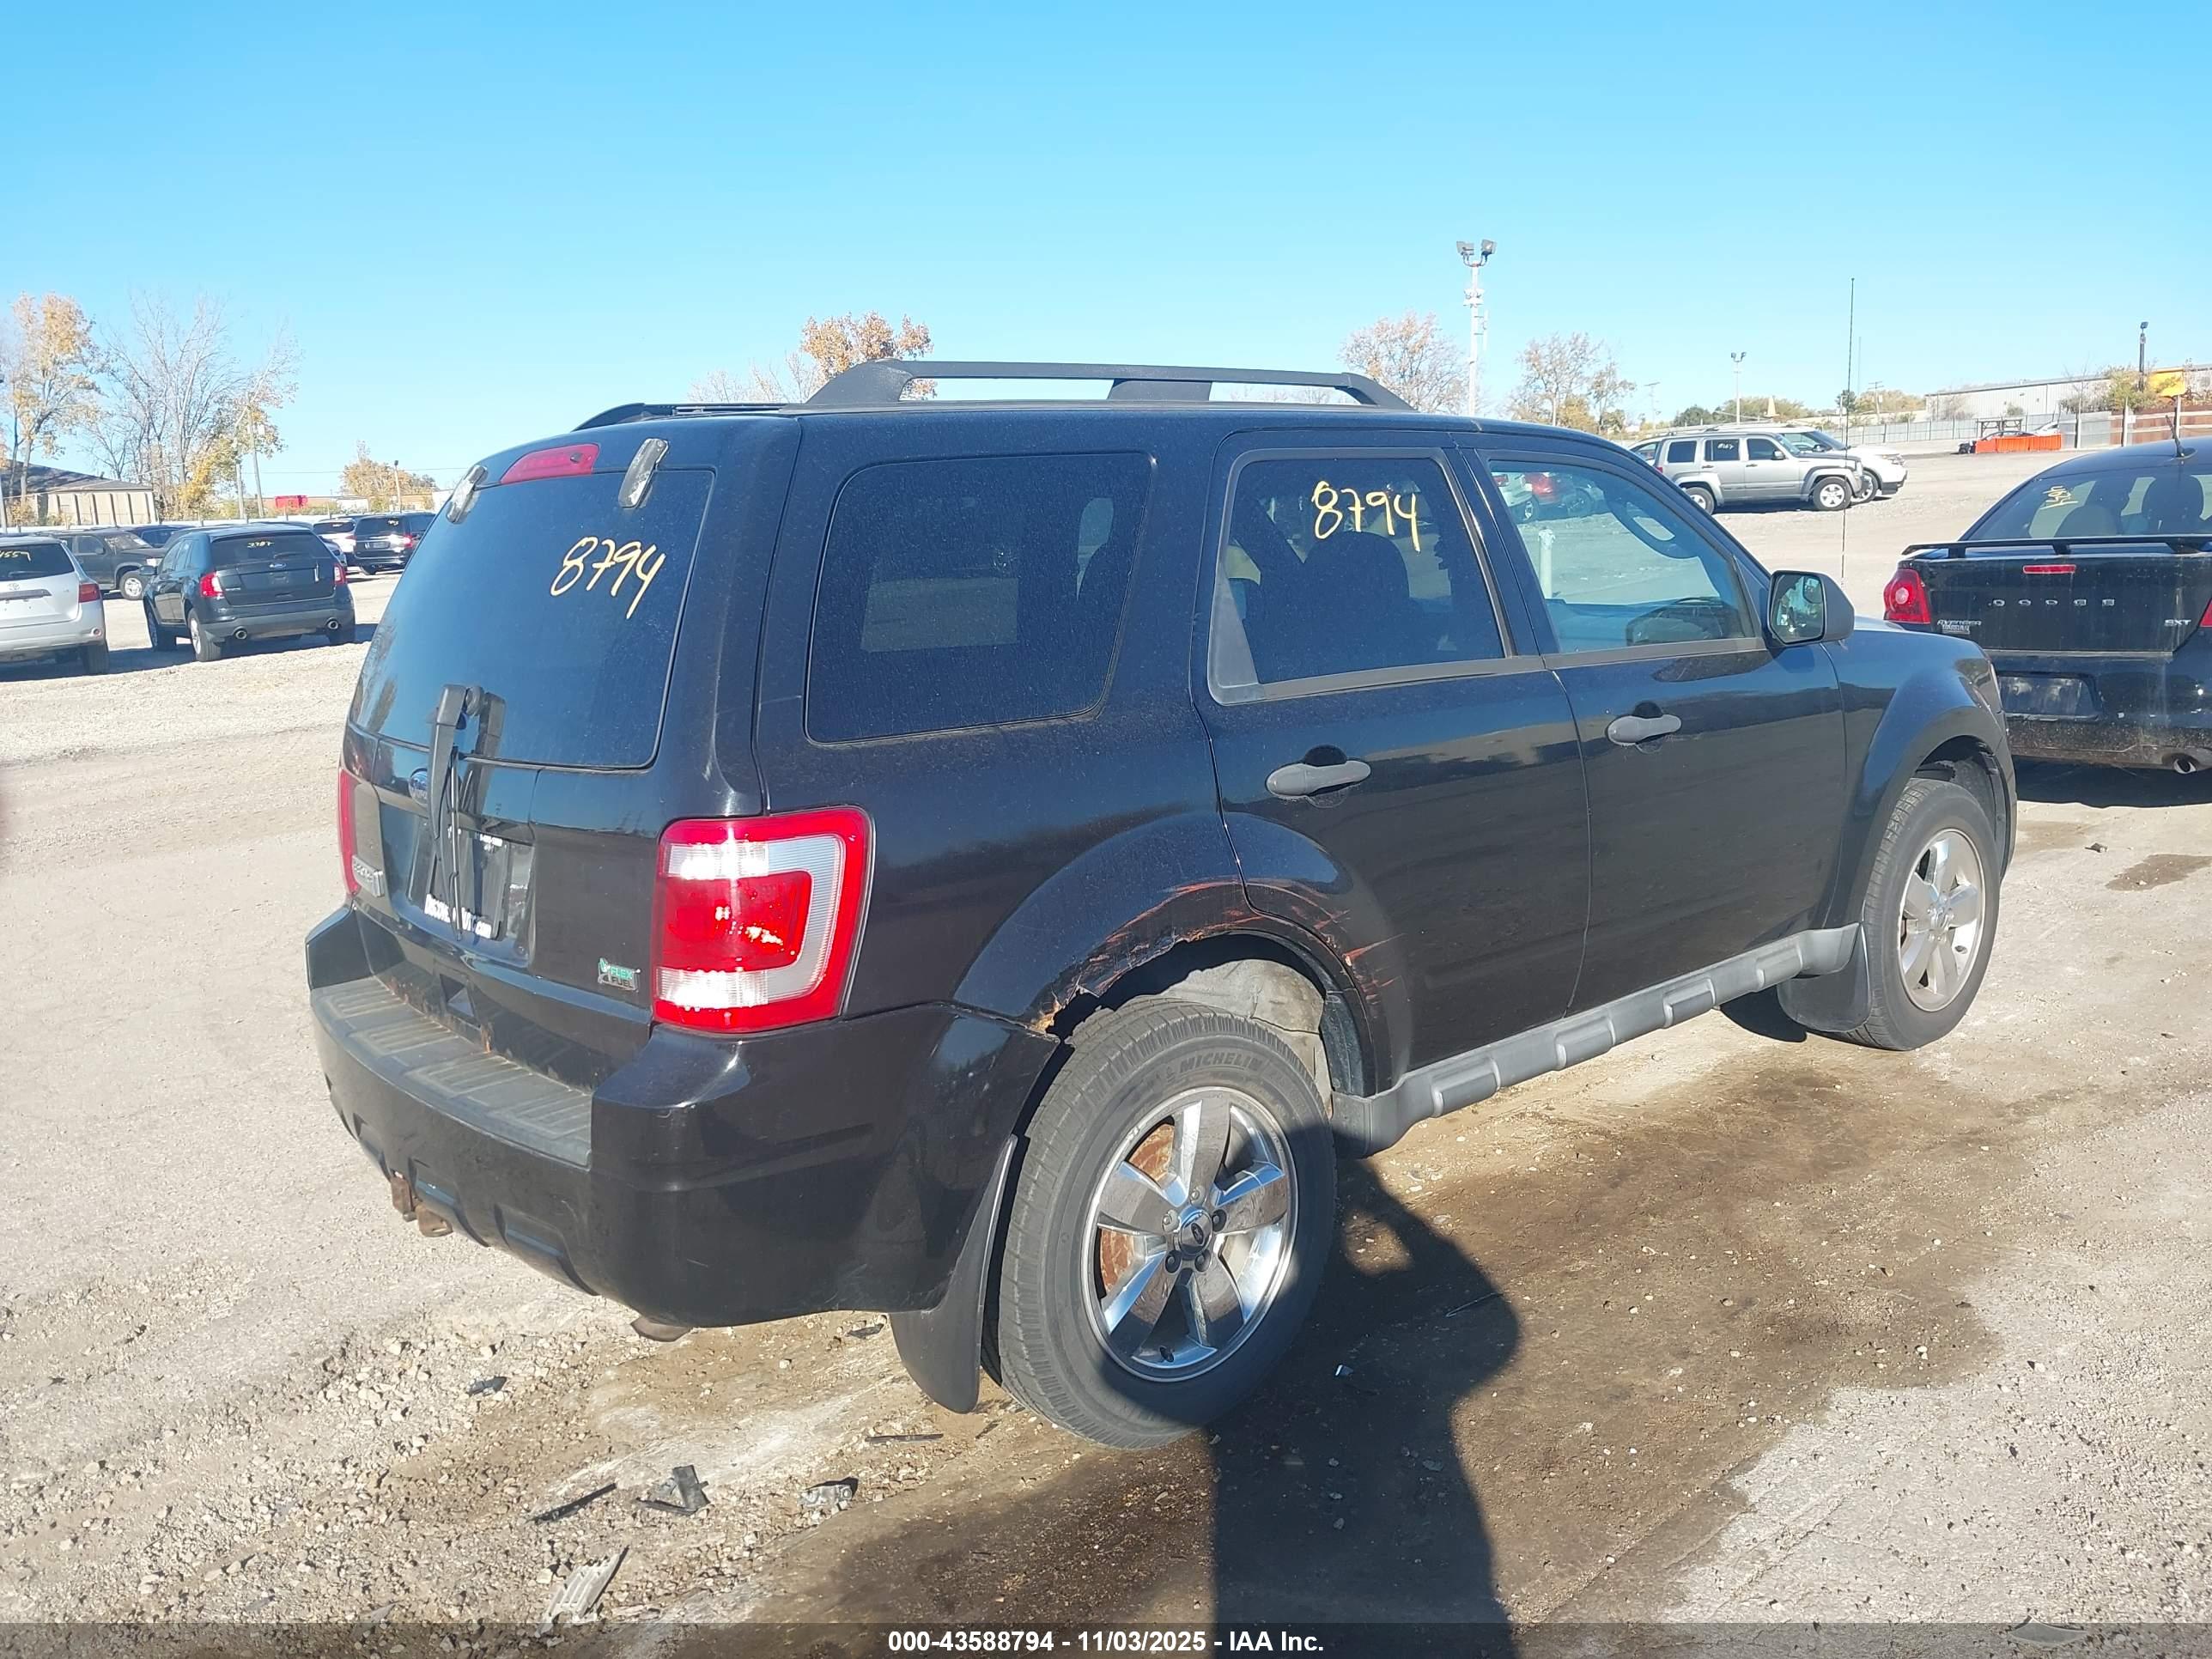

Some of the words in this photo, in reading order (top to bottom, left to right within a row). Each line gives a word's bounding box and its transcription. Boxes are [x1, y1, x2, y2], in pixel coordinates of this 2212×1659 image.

[1311, 480, 1421, 553] 8794
[550, 536, 666, 620] 8794
[1991, 599, 2116, 608] DODGE
[2164, 618, 2192, 627] SXT
[611, 964, 633, 980] FLEX
[1179, 1052, 1262, 1073] MICHELIN
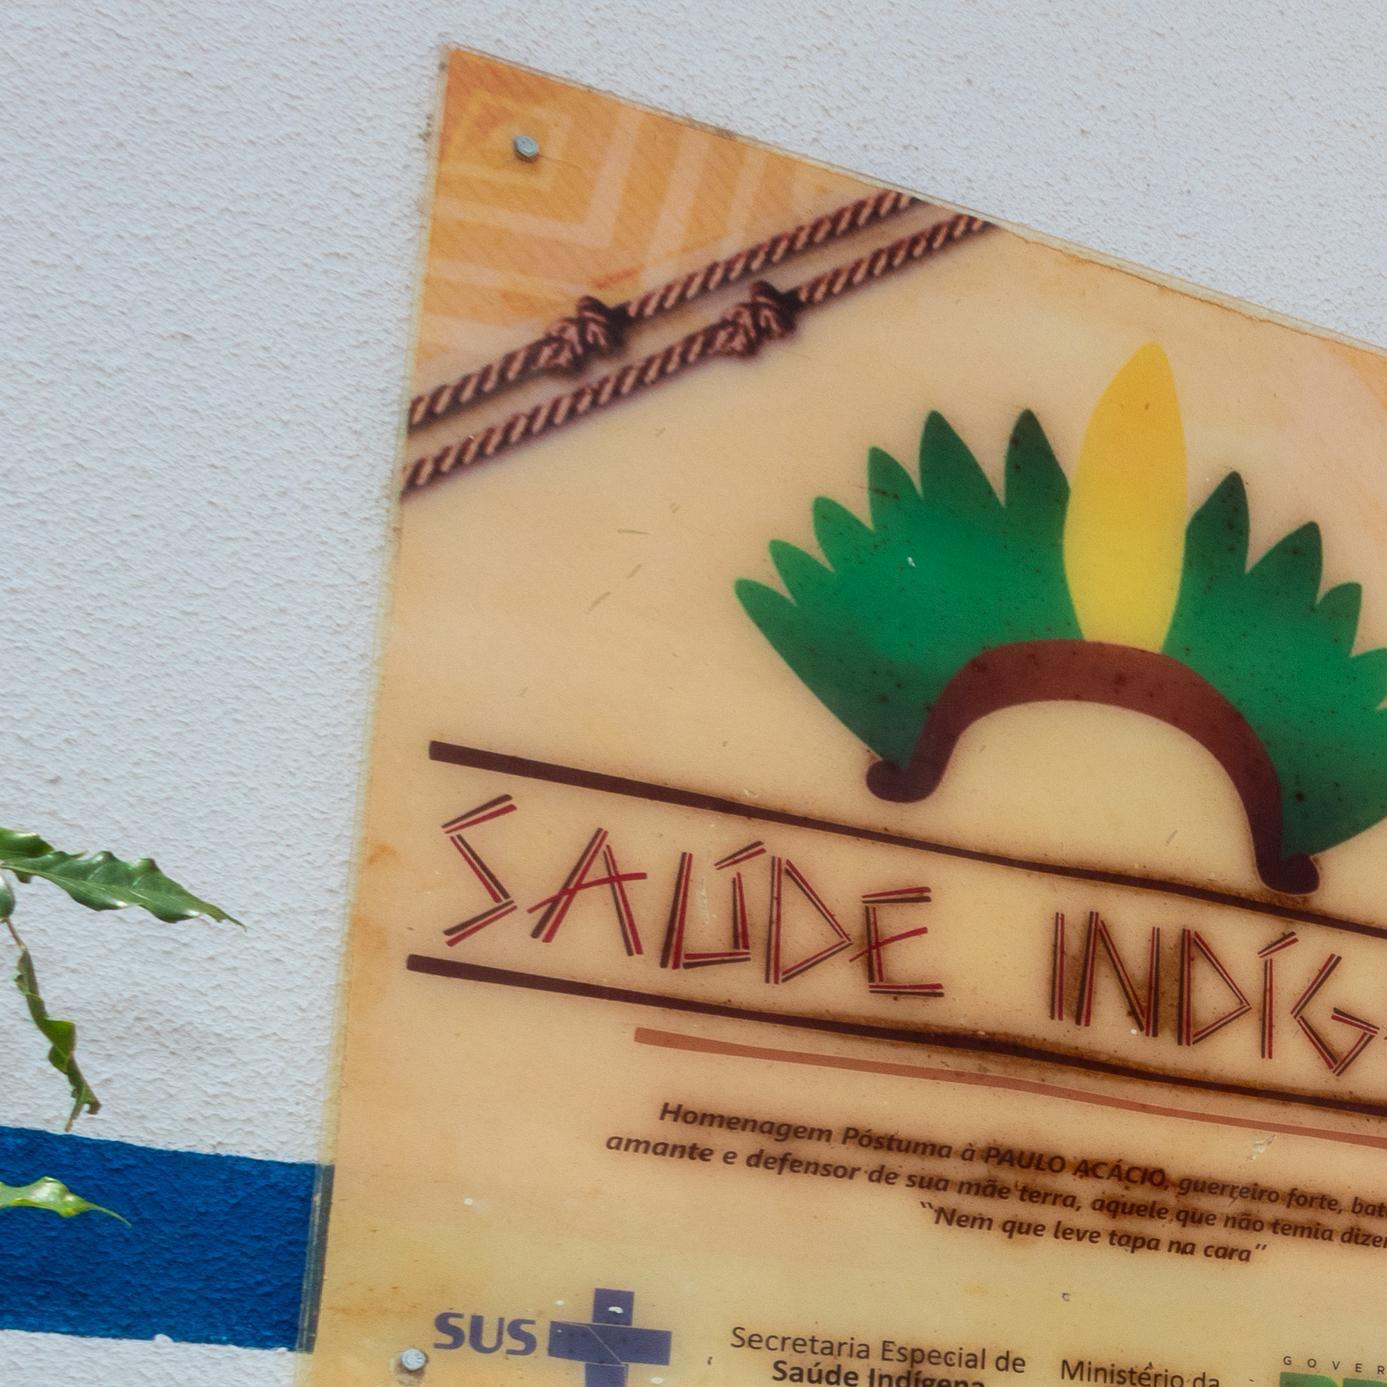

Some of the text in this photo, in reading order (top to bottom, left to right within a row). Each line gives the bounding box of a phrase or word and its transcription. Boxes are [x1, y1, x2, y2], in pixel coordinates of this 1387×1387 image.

[442, 793, 946, 999] SAÚDE
[658, 1101, 833, 1142] Homenagem
[841, 1126, 953, 1159] Póstuma
[959, 1142, 977, 1162] à
[983, 1145, 1067, 1174] PAULO
[1071, 1158, 1170, 1191] ACÁCIO,
[1177, 1176, 1281, 1204] guerreiro
[1285, 1187, 1344, 1215] forte,
[605, 1135, 714, 1162] amante
[722, 1150, 738, 1165] e
[745, 1149, 862, 1180] defensor
[866, 1164, 899, 1186] de
[904, 1172, 950, 1192] sua
[956, 1178, 1011, 1200] mãe
[1018, 1184, 1083, 1212] terra,
[1090, 1197, 1169, 1220] aquele
[1174, 1207, 1217, 1227] que
[1223, 1211, 1265, 1233] não
[1271, 1218, 1335, 1242] temia
[1001, 1217, 1047, 1240] que
[1053, 1219, 1101, 1244] leve
[1107, 1228, 1161, 1254] tapa
[1167, 1238, 1197, 1256] na
[432, 1310, 538, 1357] SUS
[729, 1325, 1027, 1374] Secretaria Especial de
[771, 1359, 860, 1387] Saúde

◇ ◇ ◇

ASSIGNMENT — Please print an exact copy of the records, with no pictures.

SOLVED EXERCISE —
Some of the words in this photo, in reading order (top to bottom, left to right within a row). Each line gives a word's bounding box and its transcription. Boxes are [x1, y1, x2, y2], in pixel coordinates of this 2212×1659 image.

[1311, 480, 1421, 553] 8794
[550, 536, 666, 620] 8794
[1991, 599, 2116, 608] DODGE
[2164, 618, 2192, 627] SXT
[611, 964, 633, 980] FLEX
[1179, 1052, 1262, 1073] MICHELIN

Some of the text in this photo, in reading order (top to bottom, left to right within a row). Each line gives the bounding box of a phrase or word and its transcription. Boxes are [x1, y1, x2, y2], in pixel coordinates of this 1387×1387 image.

[442, 793, 946, 999] SAÚDE
[658, 1101, 833, 1142] Homenagem
[841, 1126, 953, 1159] Póstuma
[959, 1142, 977, 1162] à
[983, 1145, 1067, 1174] PAULO
[1071, 1158, 1170, 1191] ACÁCIO,
[1177, 1176, 1281, 1204] guerreiro
[1285, 1187, 1344, 1215] forte,
[605, 1135, 714, 1162] amante
[722, 1150, 738, 1165] e
[745, 1149, 862, 1180] defensor
[866, 1164, 899, 1186] de
[904, 1172, 950, 1192] sua
[956, 1178, 1011, 1200] mãe
[1018, 1184, 1083, 1212] terra,
[1090, 1197, 1169, 1220] aquele
[1174, 1207, 1217, 1227] que
[1223, 1211, 1265, 1233] não
[1271, 1218, 1335, 1242] temia
[1001, 1217, 1047, 1240] que
[1053, 1219, 1101, 1244] leve
[1107, 1228, 1161, 1254] tapa
[1167, 1238, 1197, 1256] na
[432, 1310, 538, 1357] SUS
[729, 1325, 1027, 1374] Secretaria Especial de
[771, 1359, 860, 1387] Saúde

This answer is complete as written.